Discipline paramédicale très peu connue, l’ergothérapie s’attache à étudier l’environnement des personnes en situation d’handicap ou en perte d’autonomie. Beaucoup de personnes auraient tendance à trouver des similitudes avec le métier d’orthopédiste. Or, la fonction d’orthopédiste est beaucoup plus focalisée sur l’aspect chirurgicale et la réparation de la masse osseuse. En l’occurrence, l’ergothérapeute reste tout de même dans le prolongement de la discipline précitée.

Néanmoins, elle vise à comprendre la réalité des mouvements que peinent à réaliser un patient pour le confronter à toutes les réalités sociales qu’il affronte au quotidien. L’ergothérapie vise à restaurer les conditions de vie les plus optimales qui soient. Cette étude prend en compte l’analyse physique de la personne et les difficultés qu’elle rencontre au cours de la journée. Tout le diagnostic s’efforce de trouver les moyens matériels pour contrer les lacunes auxquels une personne dépendante a besoin.

L’ergothérapie : une profession très jeune en France

L’ergothérapie croque de plus en plus de terrain en France. Les causes essentielles sont éventuellement les réalités qui touchent le monde du handicap et du maintien à domicile. Cette discipline née outre-Atlantique s’est développée dans l’Hexagone selon les nécessités sociales des années 1950. Les leçons tirées des deux guerres mondiales ont eu raison du nombre d’infirmes dans notre pays. D’où la nécessité de trouver des réponses fortes pour repenser la réinsertion sociale de ces personnes. 

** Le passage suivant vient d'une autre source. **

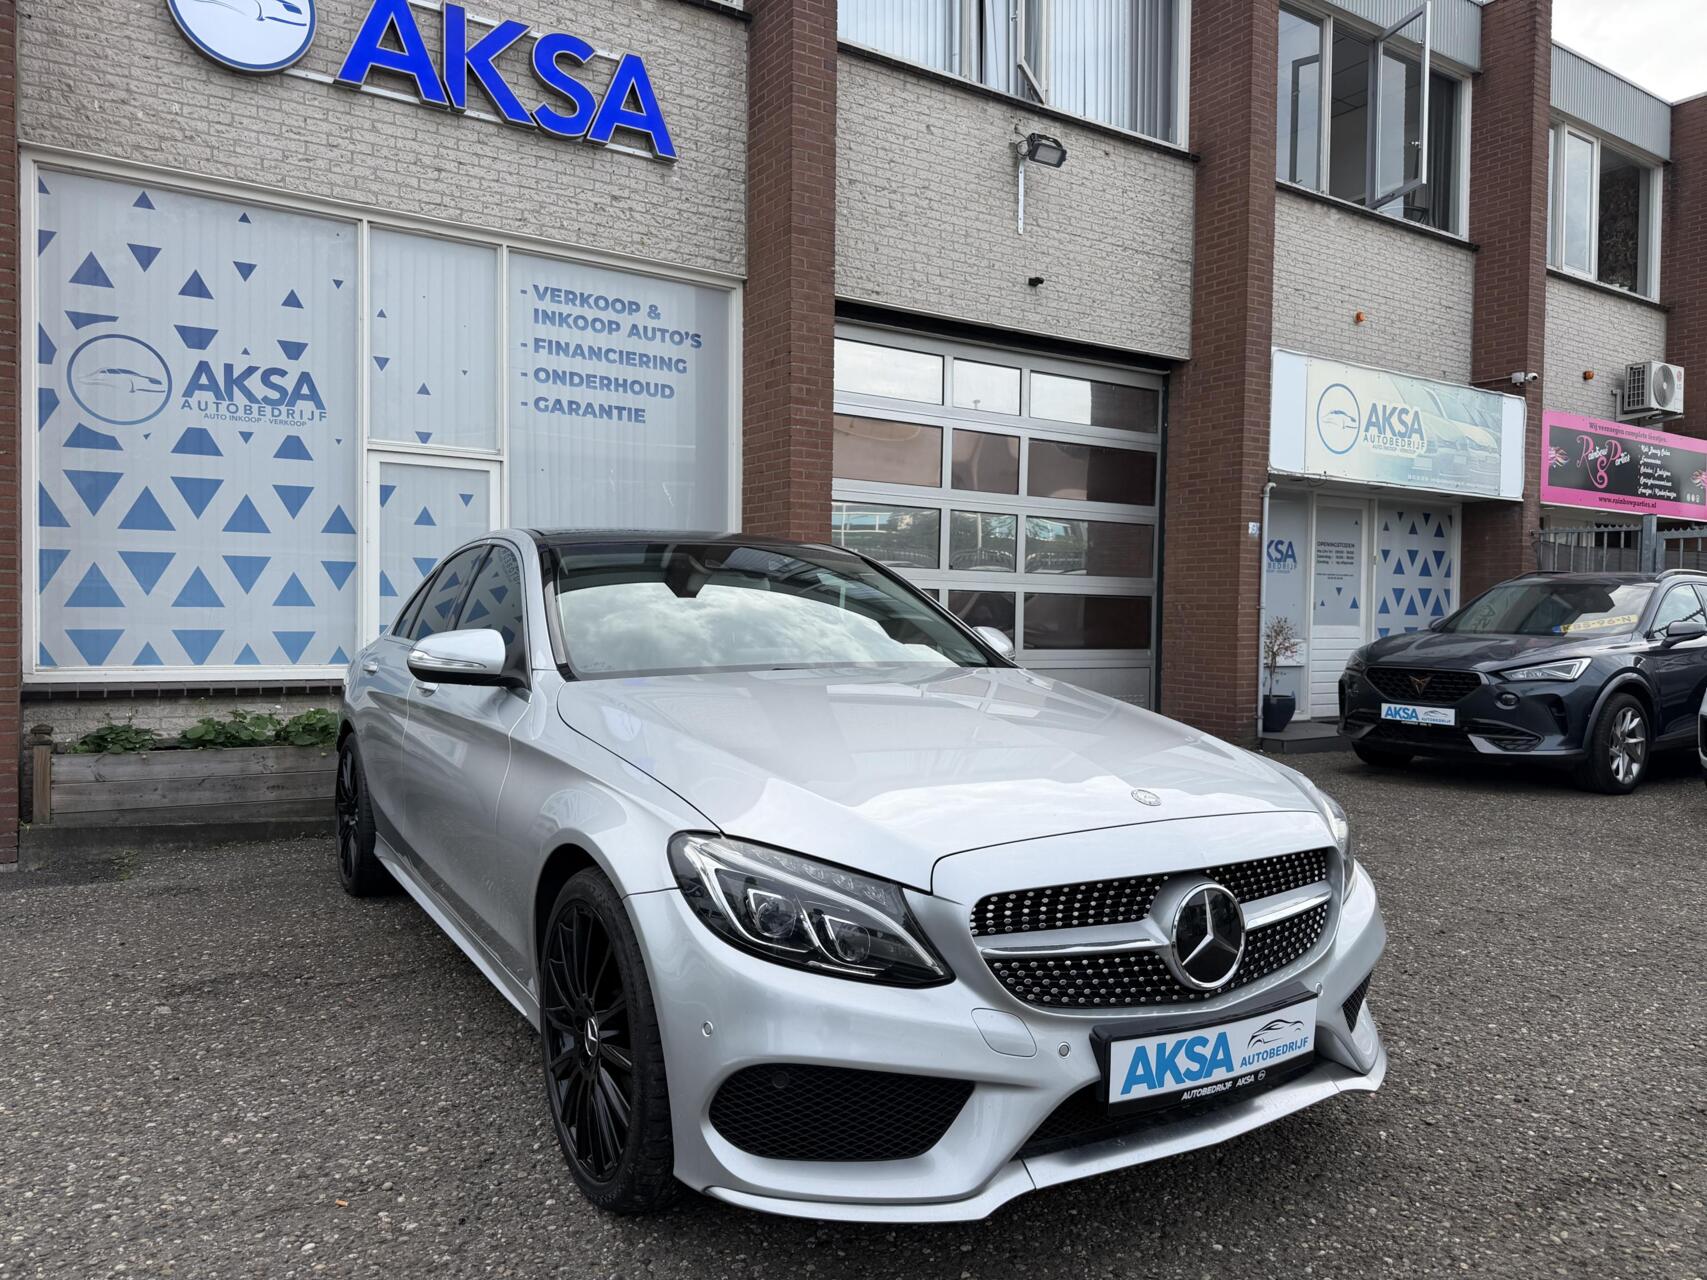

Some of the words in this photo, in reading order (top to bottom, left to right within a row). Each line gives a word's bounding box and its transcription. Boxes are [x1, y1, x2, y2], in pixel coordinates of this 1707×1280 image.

Aujourd’hui, cette discipline suscite un intérêt encore plus vif avec l’explosion des papys boomers. En effet, toute la génération des personnes nées dans les années 1950 forment une partie croissante de la population française. Cette pyramide des âges inversées visent donc à repenser l’ergothérapie dans le cadre de l’indépendance des personnes âgées et la perte de réflexes. 

Malgré l’évolution sociale, la discipline se cantonne auprès d’un public large et divers.

Les formations diplômantes : vers une timide progression au cours de la décennie 2020

Pendant des années, les CHU de Paris et de Nancy ont été les promoteurs de cette profession si particulière. En effet, les hôpitaux et cliniques furent les institutions précurseurs du développement de la discipline. L’un des cas les plus typiques concerne une personne accidentée de la route ou autre qui suite à une sortie d’hôpital doit apprendre à réadapter sa vie et ses réflexes à domicile. 

Aujourd’hui, dans plus d’une vingtaine de moyennes et grandes villes dans le pays, il existe plus d’une vingtaine d’IFE (institut de formation à l’ergothérapie). Plus de 1000 élèves en sortent licencier pour l’heure. Ce diplôme peut aussi déboucher sur la poursuite du cursus vers un master ou doctorat. Néanmoins, il est aussi possible de préparer le diplôme d’État bien plus gratifiant nécessitant au préalable cinq ans de pratique.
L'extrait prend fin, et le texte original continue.